PROBLEM TO SOLVE >> Restate the records in full, keeping every word as it is.

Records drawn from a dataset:
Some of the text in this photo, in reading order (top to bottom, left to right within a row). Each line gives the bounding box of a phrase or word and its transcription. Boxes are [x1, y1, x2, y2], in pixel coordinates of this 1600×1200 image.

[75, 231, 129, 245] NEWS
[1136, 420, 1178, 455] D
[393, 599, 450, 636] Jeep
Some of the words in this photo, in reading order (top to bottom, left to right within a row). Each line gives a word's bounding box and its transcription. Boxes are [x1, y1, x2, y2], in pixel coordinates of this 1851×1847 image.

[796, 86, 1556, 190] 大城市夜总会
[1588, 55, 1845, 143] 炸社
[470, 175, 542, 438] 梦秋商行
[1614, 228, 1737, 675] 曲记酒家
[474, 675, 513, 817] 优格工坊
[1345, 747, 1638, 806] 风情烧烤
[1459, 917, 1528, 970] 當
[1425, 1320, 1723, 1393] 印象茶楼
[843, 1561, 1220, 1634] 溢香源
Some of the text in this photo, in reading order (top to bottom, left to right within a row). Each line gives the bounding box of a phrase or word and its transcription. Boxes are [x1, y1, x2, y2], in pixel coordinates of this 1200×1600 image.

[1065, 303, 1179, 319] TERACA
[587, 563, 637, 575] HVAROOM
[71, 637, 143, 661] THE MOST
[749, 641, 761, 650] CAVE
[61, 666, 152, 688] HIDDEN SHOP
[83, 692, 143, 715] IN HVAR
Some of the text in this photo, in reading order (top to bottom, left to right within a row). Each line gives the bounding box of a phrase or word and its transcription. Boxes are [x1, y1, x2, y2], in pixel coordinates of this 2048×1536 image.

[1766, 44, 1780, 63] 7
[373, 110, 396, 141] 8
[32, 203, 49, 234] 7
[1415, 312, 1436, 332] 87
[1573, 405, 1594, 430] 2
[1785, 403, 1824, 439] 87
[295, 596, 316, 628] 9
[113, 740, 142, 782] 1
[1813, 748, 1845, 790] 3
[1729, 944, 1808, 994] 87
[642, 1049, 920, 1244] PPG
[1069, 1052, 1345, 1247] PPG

WRITTEN RESPONSE >>
Some of the text in this photo, in reading order (top to bottom, left to right within a row). Each line gives the bounding box of a phrase or word and its transcription. Boxes are [x1, y1, x2, y2], in pixel coordinates of this 1600×1200 image.

[75, 231, 129, 245] NEWS
[1136, 420, 1178, 455] D
[393, 599, 450, 636] Jeep
Some of the words in this photo, in reading order (top to bottom, left to right within a row). Each line gives a word's bounding box and its transcription. Boxes are [x1, y1, x2, y2], in pixel coordinates of this 1851×1847 image.

[796, 86, 1556, 190] 大城市夜总会
[1588, 55, 1845, 143] 炸社
[470, 175, 542, 438] 梦秋商行
[1614, 228, 1737, 675] 曲记酒家
[474, 675, 513, 817] 优格工坊
[1345, 747, 1638, 806] 风情烧烤
[1459, 917, 1528, 970] 當
[1425, 1320, 1723, 1393] 印象茶楼
[843, 1561, 1220, 1634] 溢香源
Some of the text in this photo, in reading order (top to bottom, left to right within a row). Each line gives the bounding box of a phrase or word and its transcription. Boxes are [x1, y1, x2, y2], in pixel coordinates of this 1200×1600 image.

[1065, 303, 1179, 319] TERACA
[587, 563, 637, 575] HVAROOM
[71, 637, 143, 661] THE MOST
[749, 641, 761, 650] CAVE
[61, 666, 152, 688] HIDDEN SHOP
[83, 692, 143, 715] IN HVAR
Some of the text in this photo, in reading order (top to bottom, left to right within a row). Each line gives the bounding box of a phrase or word and its transcription. Boxes are [x1, y1, x2, y2], in pixel coordinates of this 2048×1536 image.

[1766, 44, 1780, 63] 7
[373, 110, 396, 141] 8
[32, 203, 49, 234] 7
[1415, 312, 1436, 332] 87
[1573, 405, 1594, 430] 2
[1785, 403, 1824, 439] 87
[295, 596, 316, 628] 9
[113, 740, 142, 782] 1
[1813, 748, 1845, 790] 3
[1729, 944, 1808, 994] 87
[642, 1049, 920, 1244] PPG
[1069, 1052, 1345, 1247] PPG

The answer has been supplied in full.